Another downside would be the slow loading time. The loading times for the regular quick-start games require less than a minute but for MyCareer and MyLeague, it felt as though 50% of the time you would be staring at a painfully slow loading screen. Time for a bathroom break I guess. 

Unfortunately, MyLeague and MyGM clearly did not get the same attention as the other features of the game. MyGM lets players run the season as a general manager and this feature carries some weight, as the day-to-day decisions impact your performance and the performance of your team. However, for the sake of realism, there are a bunch of features such as AI difficulty that players are not allowed to change. 

Despite these negative qualities, the game is beautifully done, and there is a reason why NBA 2K is unrivalled in its field. The graphics have improved since last year’s edition, although there are some dead eyes from the announcers and the athletes. And the new splash-like animation for excellent releases feels oh-so-satisfying.

One thing players will notice is how smooth the movements were, making it feel as though you are playing a real NBA game. 2K does an amazing job capturing the essence of each player, even for rookies like Zion Williamson and Rui Hachimura. 

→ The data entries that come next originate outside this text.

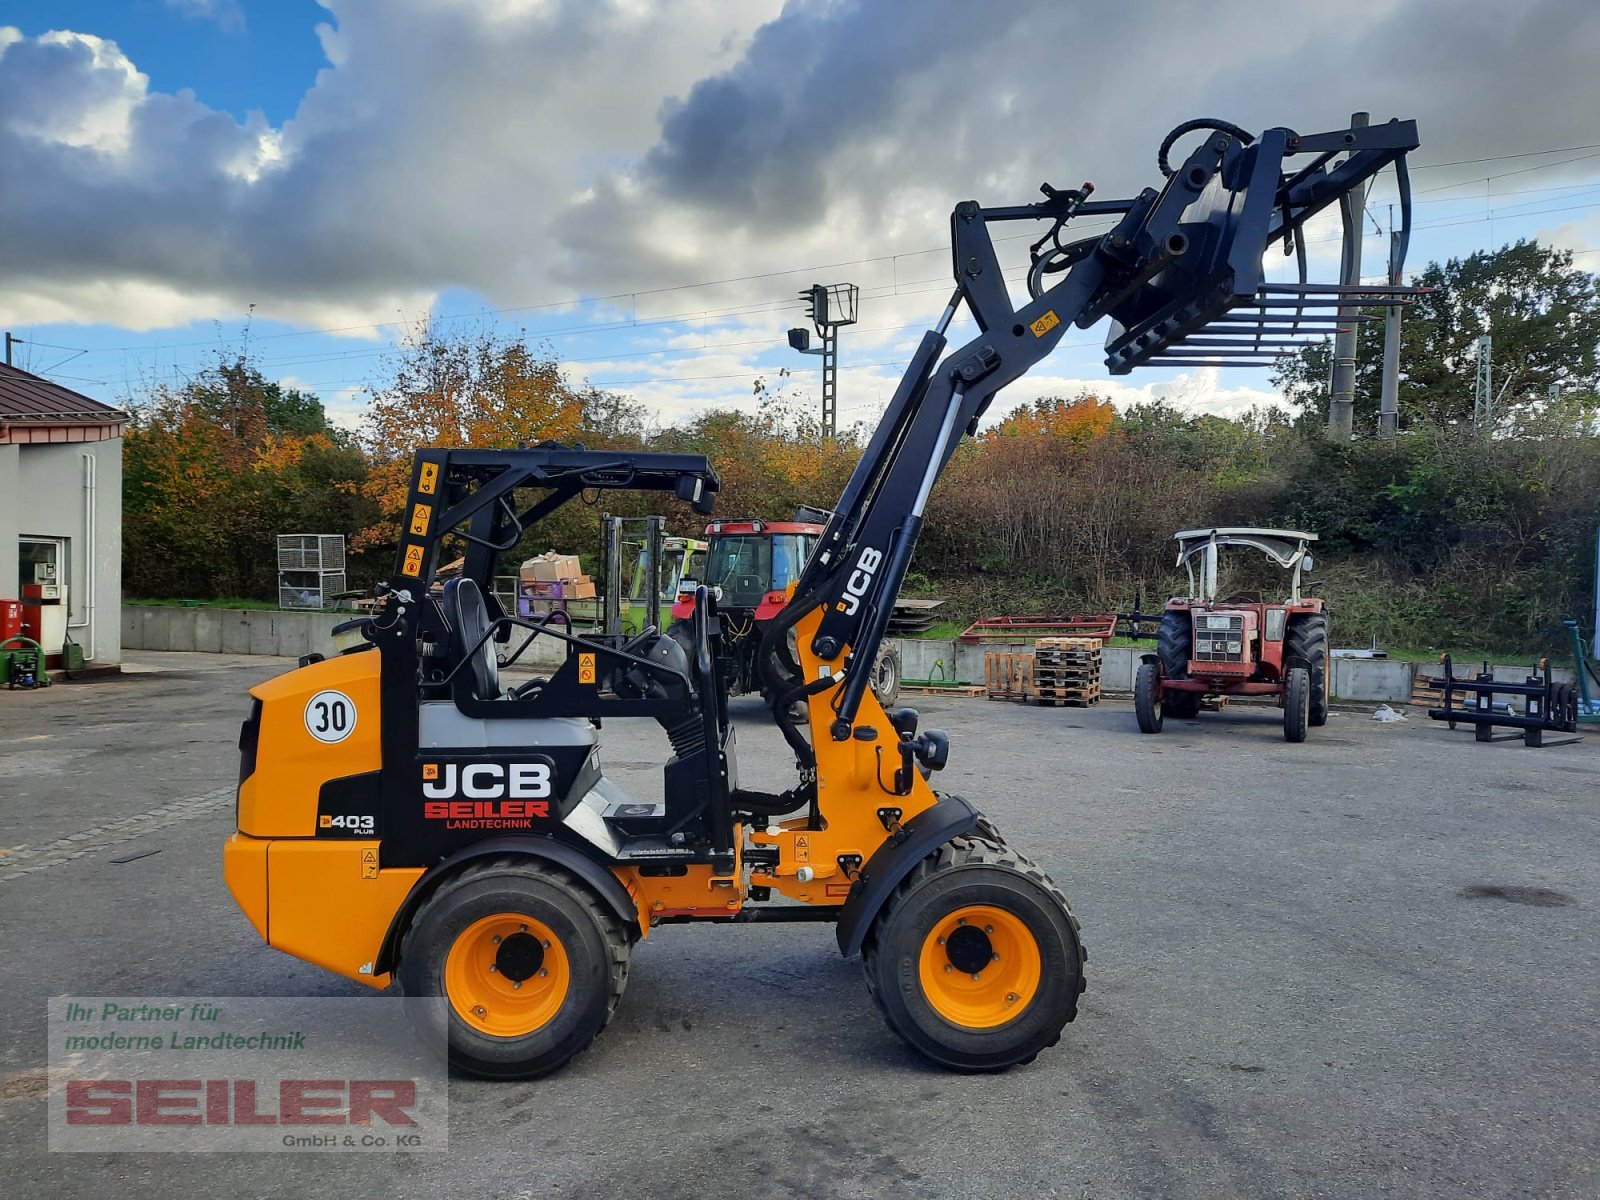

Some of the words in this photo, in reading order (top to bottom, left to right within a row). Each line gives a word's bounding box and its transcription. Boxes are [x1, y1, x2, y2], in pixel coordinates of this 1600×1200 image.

[841, 546, 882, 616] JCB
[315, 701, 346, 732] 30
[422, 763, 551, 799] JCB
[331, 815, 374, 828] 403
[424, 801, 549, 819] SEILER
[446, 819, 532, 829] LANDTECHNIK

It is also quickly apparent that a player’s size and build plays a huge role in how the game is played. Bigger players like Anthony Davis are stupendous at blocks but they aren’t as quick on their feet in comparison to smaller built players like Stephen Curry. 

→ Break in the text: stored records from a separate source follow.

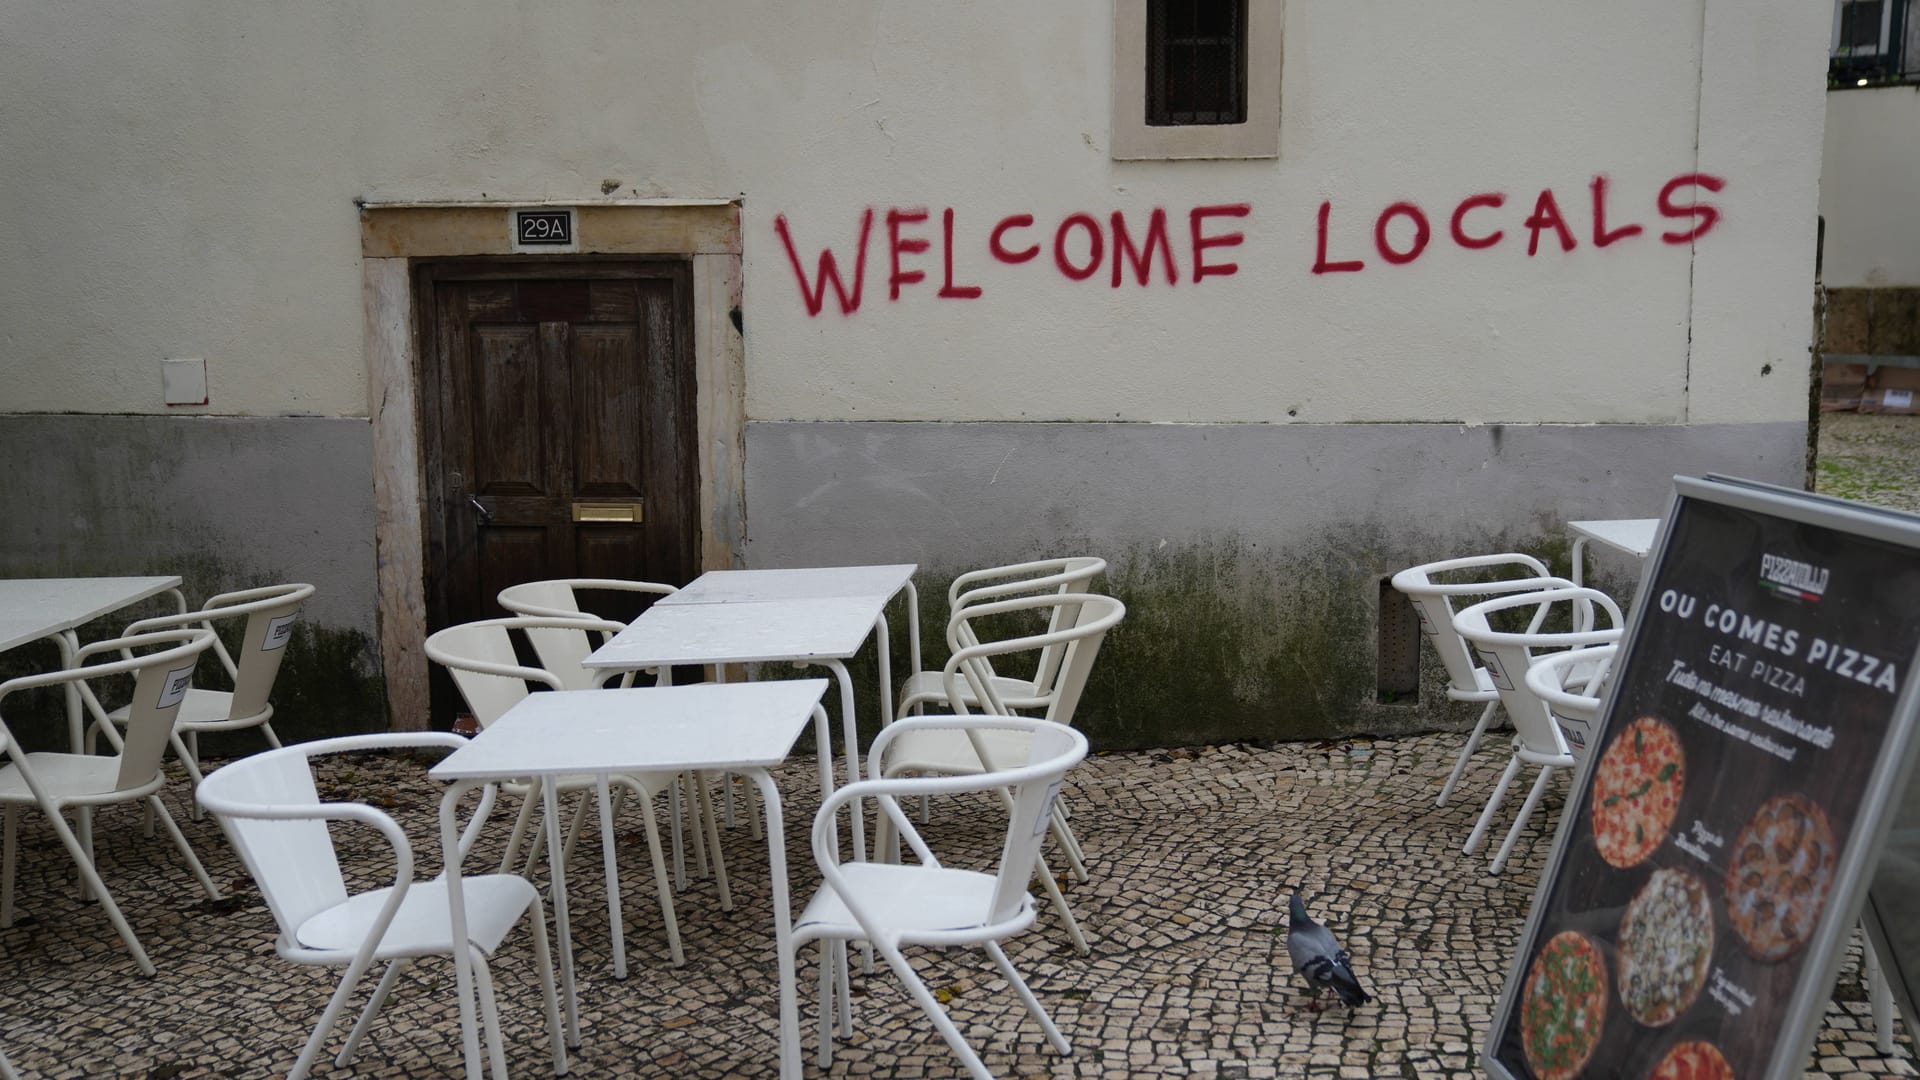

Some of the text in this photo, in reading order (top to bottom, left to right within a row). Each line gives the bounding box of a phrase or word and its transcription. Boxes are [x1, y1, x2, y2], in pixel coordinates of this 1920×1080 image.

[523, 218, 565, 238] 29A
[774, 171, 1728, 317] WELCOME LOCALS
[1659, 589, 1898, 694] OU COMES PIZZA
[1708, 644, 1807, 698] EAT PIZZA
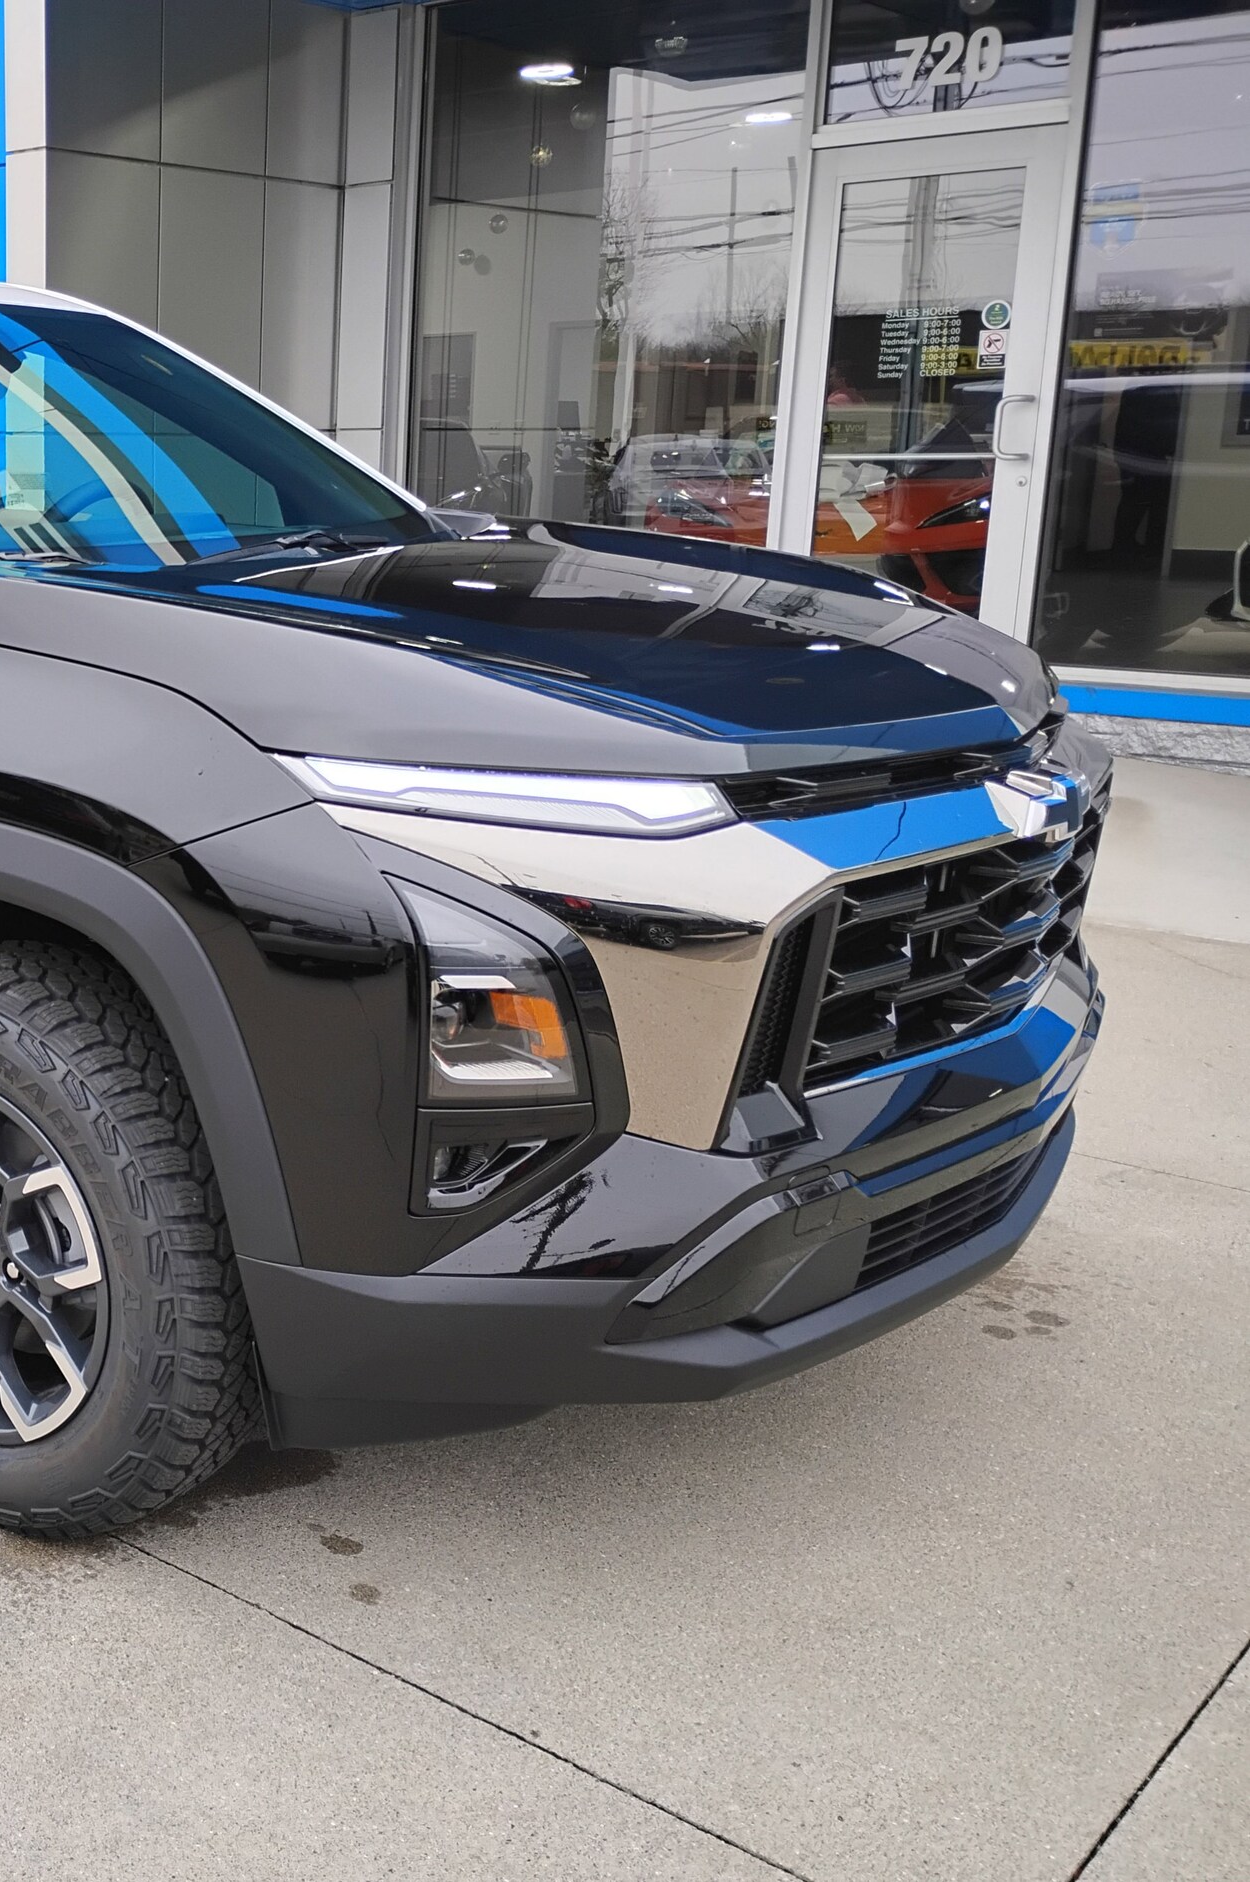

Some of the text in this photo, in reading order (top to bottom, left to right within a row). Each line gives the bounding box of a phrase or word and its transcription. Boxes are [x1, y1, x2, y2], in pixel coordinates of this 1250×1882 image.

[894, 26, 1003, 90] 720
[885, 306, 960, 319] SALES HOURS
[880, 338, 920, 346] Wednesday
[877, 369, 956, 379] Sunday CLOSED

Talking about blocks, the defence AI is another aspect that has improved greatly as it requires real technique and finesse to evade them. However, the AI leaves much to be desired as they double-team players once they score a few baskets in a row and seem to play at the same intensity even if they’re in the last quarter and losing by more than 20 points. 

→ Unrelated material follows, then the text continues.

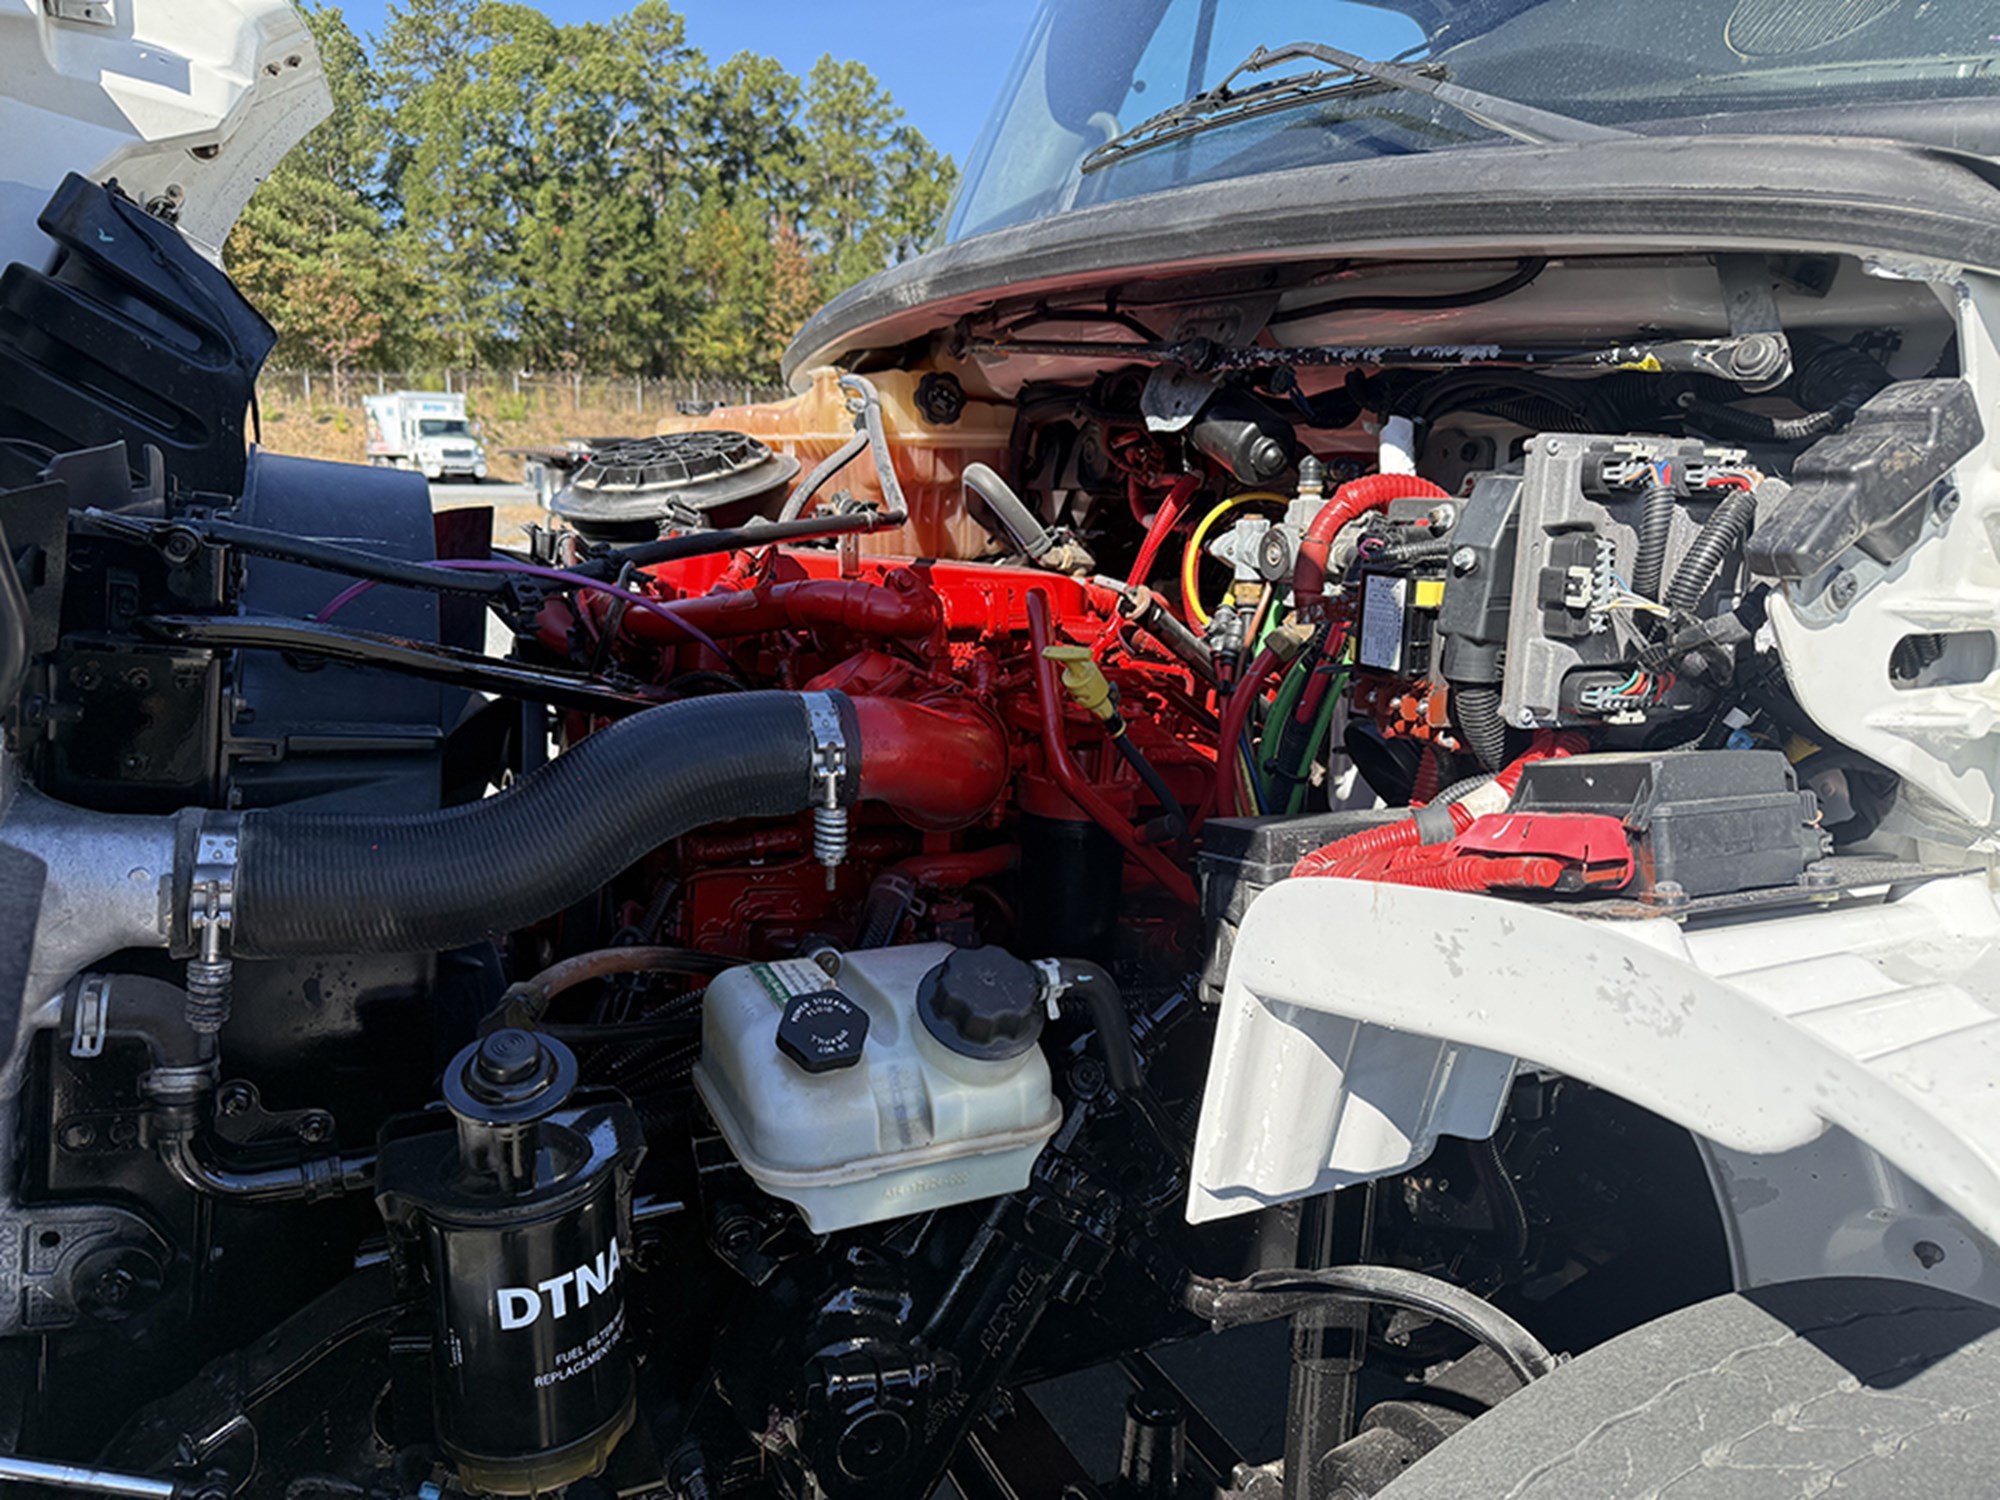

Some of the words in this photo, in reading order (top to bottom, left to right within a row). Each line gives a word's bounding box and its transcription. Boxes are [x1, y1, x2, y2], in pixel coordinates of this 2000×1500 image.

Ball-handling has been enhanced too and although it feels more authentic than before, it does sacrifice some of the basics. Sometimes simple dribbling can cause pros to fumble the ball without being contested all that much. 

However, the improved training mode, 2KU, is handy for both new and experienced players to learn new moves as it displays how the controller should move to achieve the ideal Euro-step. It is a great way for long-standing fans to master moves as a refresher course or for newbies to get a handle on how to manoeuvre if you want to be a solid first draft.

MyCareer is a bright spark in NBA 2K this year, the brand new create-a-player customisations give the fans complete control over their look, build and archetype. You can even test out your archetype first without having to grind through the entire story before realising that you would prefer a different playing style. 

It is hard to exaggerate how important the customisable badges are in MyCareer. They make a huge difference in gameplay. Hall-Of-Fame Badges such as Range Extender allows to make three-pointers easily and with the Ankle Breaker, it feels glorious to make some of the greats sit down.

Produced by LeBron James’ own SpringHill Entertainment, the storyline for MyCareer, “When Lights Shine The Brightest”,  is one of the better storylines to date. Players follow the story of a college senior named Che as he strives to be the best. The story gives players insight into some interesting issues in the NBA, such as the exploitation of college athletes. 

The inclusion of the WNBA teams is surprisingly one of the best parts of NBA 2K20. The players are given the same treatment with unique animations for each athlete. It is a fun way to create awareness for WNBA stars like Candace Parker and Chelsea Gray, giving them the spotlight they long deserve. 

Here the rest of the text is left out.